Ich habe mit einem Mann, den ich sehr liebe, vor Jahren eine Beziehung begonnen, die sich nach etwa drei Jahren für beide als unlebbare Beziehung herausstellte. Dieser Mann erkrankte nach etwa 1 1/2 Jahren, entwickelte eine manisch-depressive Episode. Da ich ihn in gesunden Zeiten kennen gelernt habe, zudem als Sozialpädagogin jahrelang mit schwerkranken, chronifizierten Menschen mit psychischer Erkrankung gearbeitet habe, war es für mich selbstverständlich, das ich mit ihm durch diese Erkrankung gehe, in der Hoffnung, dass es wieder Zeiten geben wird, in denen die Erkrankung ihr Gewicht verliert, es ihm besser geht, weil er Unterstützung und Therapie von Aussen annimmt. Die Erkrankung zeigte sich in eher geringen manischen Ausschlägen, aber sehr sehr schweren depressiven Ausschlägen. Und es zeigte sich leider auch, das dieser Mann nicht bereit war, sich in Behandlung zu begeben, medikamentöse Behandlung und auch Therapie für sich ablehnte, dafür aber Alkohol als Selbstmedikamention nutzte und damit in einem weiteren Teufelskreis geriet, der letztlich weder für mich noch für ihn eine Beziehung lebbar machte. Ich kam an meine Grenzen und auch das war ziemlich schwer zu erleben für mich, hatte ich bis zu diesem Zeitpunkt doch die Annahme in mir, dass ich das stemmen könne. Die Beziehungsnähe hat es unmöglich gemacht eine notwendige Distanz aufrecht zu erhalten, zumal er sich dann in einer schweren Episode getrennt hat.

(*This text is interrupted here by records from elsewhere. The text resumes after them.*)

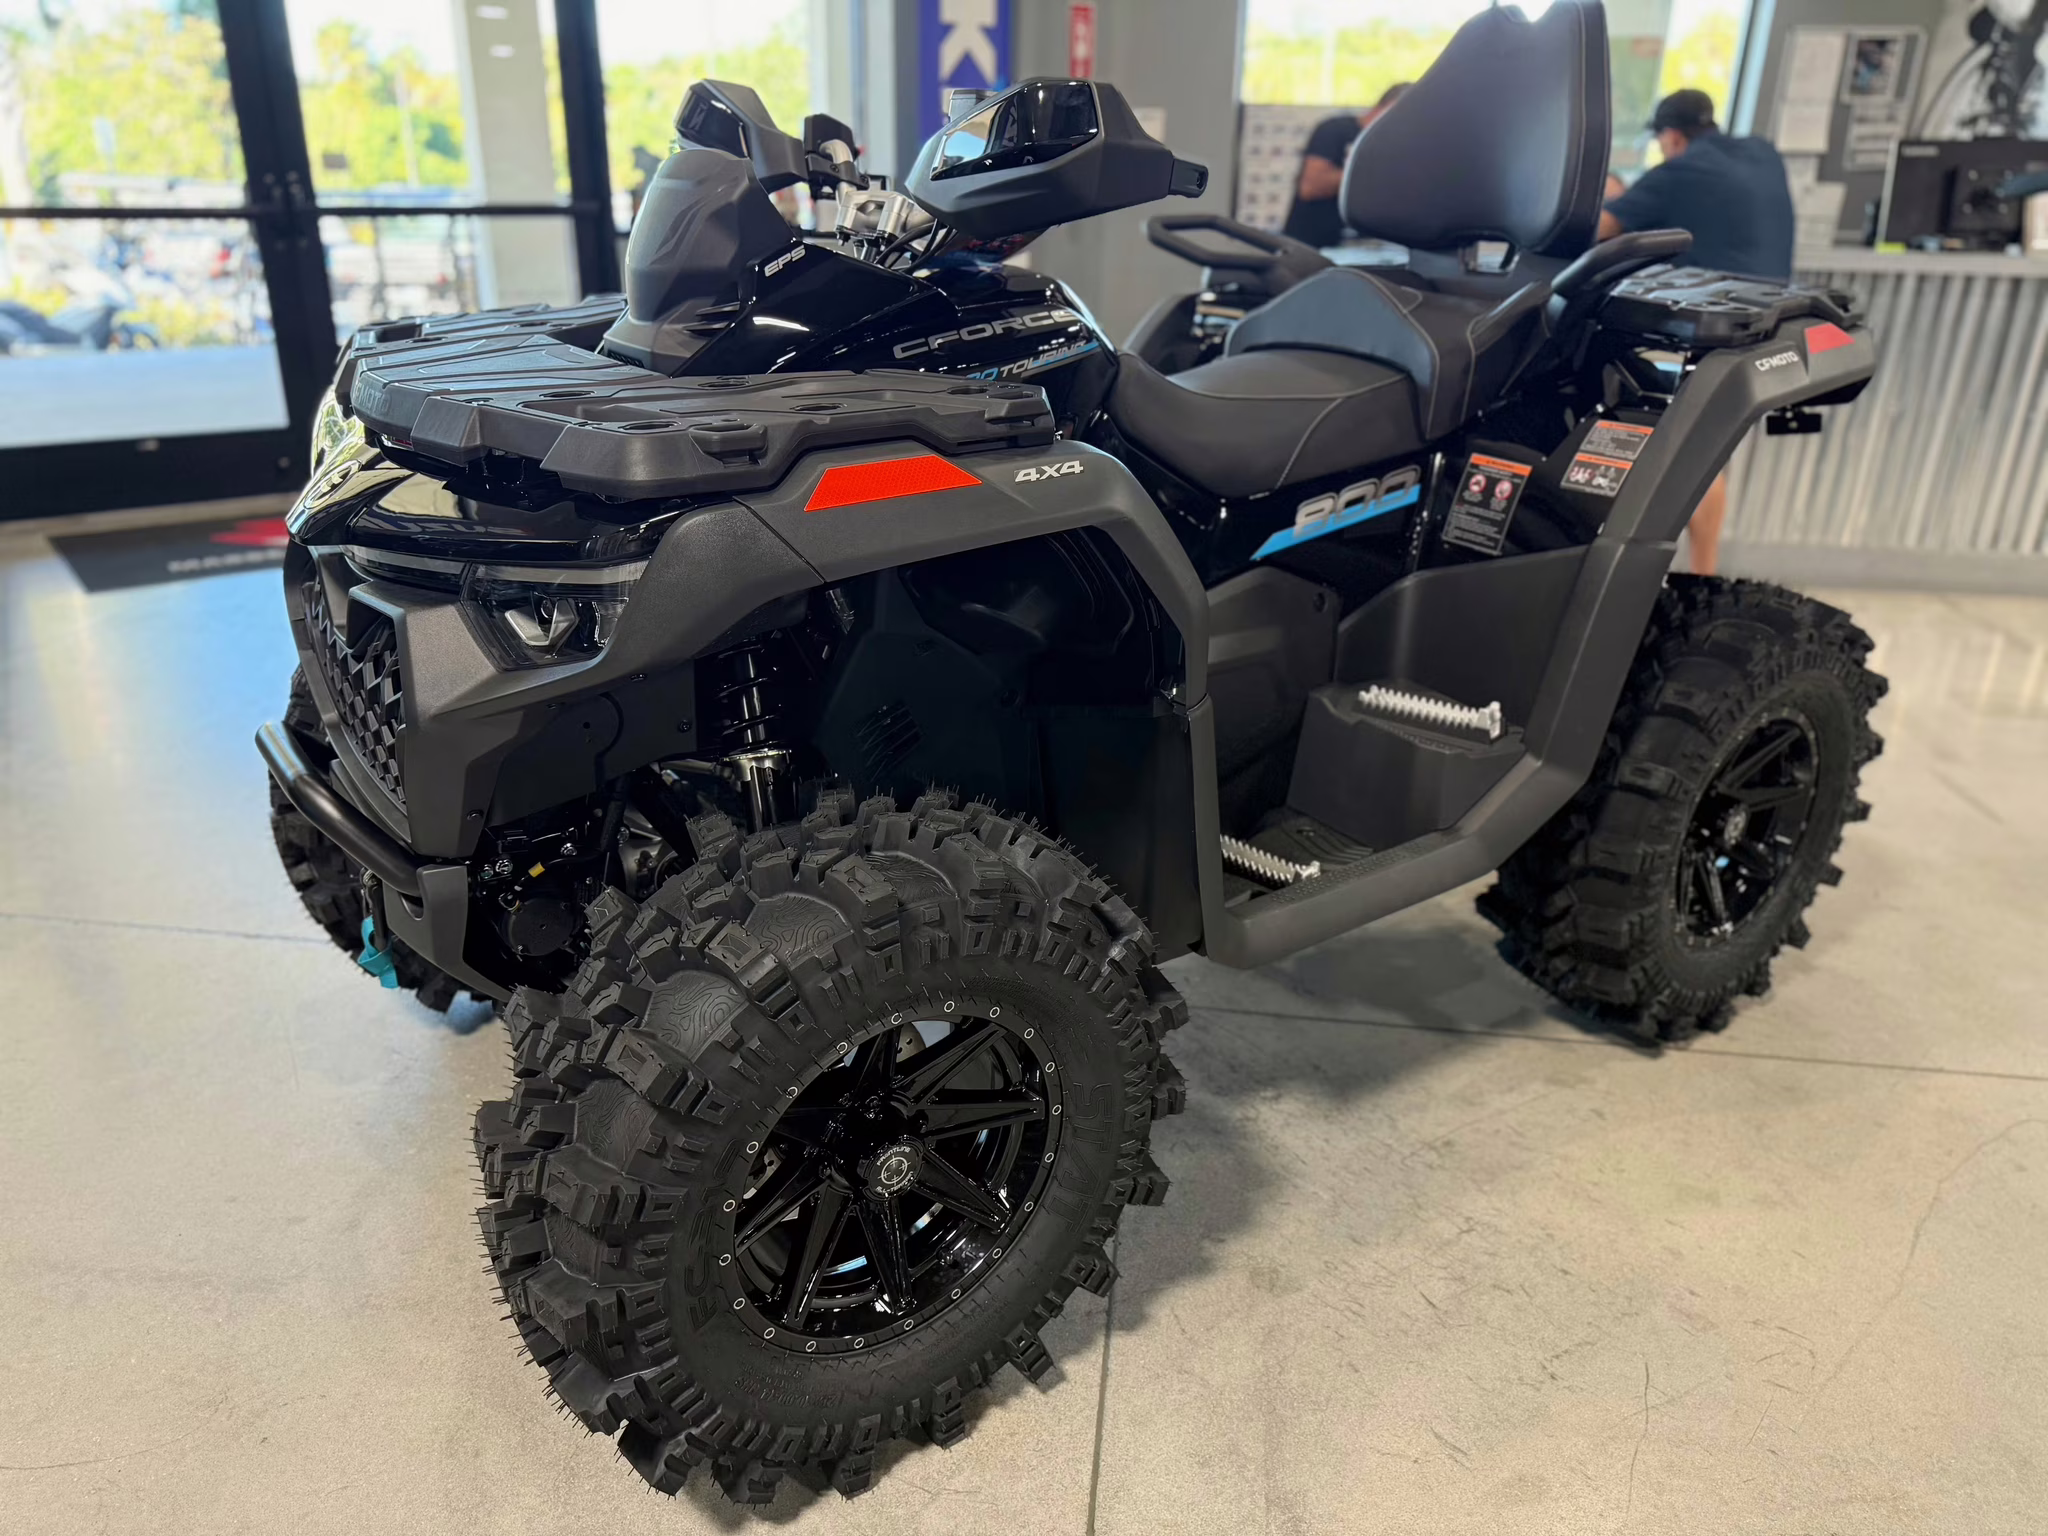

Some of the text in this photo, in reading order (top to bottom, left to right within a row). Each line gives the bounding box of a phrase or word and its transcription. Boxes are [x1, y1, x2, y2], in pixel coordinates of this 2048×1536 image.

[764, 245, 807, 278] EPS
[893, 309, 1081, 361] CFORCE
[1000, 340, 1088, 378] TOURING
[1754, 350, 1799, 371] CFMOTO
[1294, 464, 1421, 540] 800
[876, 1146, 911, 1166] FRONTLINE

Für ihn war das wichtig, erst danach war es ihm möglich anzuerkennen, das er krank ist und professionelle Hilfe notwendig war. Er hat sich dann doch in Behandlung begeben, Medikamente angenommen und eine Therapie begonnen.

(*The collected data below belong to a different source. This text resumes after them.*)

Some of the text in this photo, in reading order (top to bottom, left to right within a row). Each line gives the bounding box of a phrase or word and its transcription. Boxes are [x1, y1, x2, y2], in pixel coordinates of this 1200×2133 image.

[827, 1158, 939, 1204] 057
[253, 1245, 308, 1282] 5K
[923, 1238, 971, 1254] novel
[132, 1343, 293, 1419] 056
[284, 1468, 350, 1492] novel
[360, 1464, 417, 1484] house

Für mich war das eine wichtige Erfahrung, denn ich habe meine Grenzen kennen gelernt und für mich kapiert, das Liebe und vor allem Altruismus nicht wirklich hilft, in einer Beziehung mit einem psychisch kranken Menschen ich selbst zu bleiben. Es entsteht schnell eine Art Co-Erkrankung oder .Abhängigkeit, die für beide Seiten zu Beeinträchtigungen führen können.
Was mich sehr zermürbt hat, war der Umstand, das dieser Mann selbst keine gute Distanz- und Nähe- Regulation hatte. Das ununterbrochene an sich heranziehen und wieder wegstoßen hat mich selbst sehr verunsichert und damit auch die Basis der Beziehung letztlich zerstört.
Zwischendurch bin ich dann aus einer sehr persönlichen Situation heraus selbst schwer an einer Depression erkrankt. Kenne also auch die andere Seite mittlerweile. Aus dieser Zeit nahm ich mit, das es vor allem auf die Verantwortung für sich selbst ankommt und den Wunsch wieder gesund zu werden, um eine psychische Erkrankung ausheilen zu lassen. Ich war in dieser Zeit in keiner festen Beziehung zu einem Menschen und für mich war das auch genau das richtige, ich habe mich so mit mir selbst auseinander setzen können und vor allem gelernt zu erkennen, wo meine Grenzen sind, was ich aushalten kann und will.
Ende des letzten Jahres habe ich hier einen Mann kennen gelernt, der psychisch krank ist und das anfangs gut verheimlicht hatte. Zu seiner Erkrankung kam zudem ein nicht unerheblicher Substanzmissbrauch verschiedenster Art. Als mir das bewusst wurde, habe ich mich zurück gezogen, denn klar war auch, das dieser Mann nicht bereit ist, seine ihm sehr bewusste Erkrankung an zu gehen, in dem er Therapie macht. Hilfe hat er sich offenbar von mir versprochen.
Fakt ist einfach für mich, das ich einen stabilen Partner für eine feste Beziehung haben möchte, aber zumindest einen, der sich um seine Gesundheit selbstständig kümmert und eine Beziehung nicht als Hilfe missbraucht.
Und auch hier war die Nähe-Distanz-Regulation nicht möglich für ihn.
Fazit für mich, ich werde nicht bewusst in eine Beziehung hineingehen, in der klar ist, dass der Mann, auch wenn ich ihn liebe, nicht bereit ist, selbstständig an seiner Erkrankung zu arbeiten und sich in Behandlung zu begeben.
Für mich ist eine Beziehung in dieser Konstellation von Anfang an zum Scheitern verurteilt.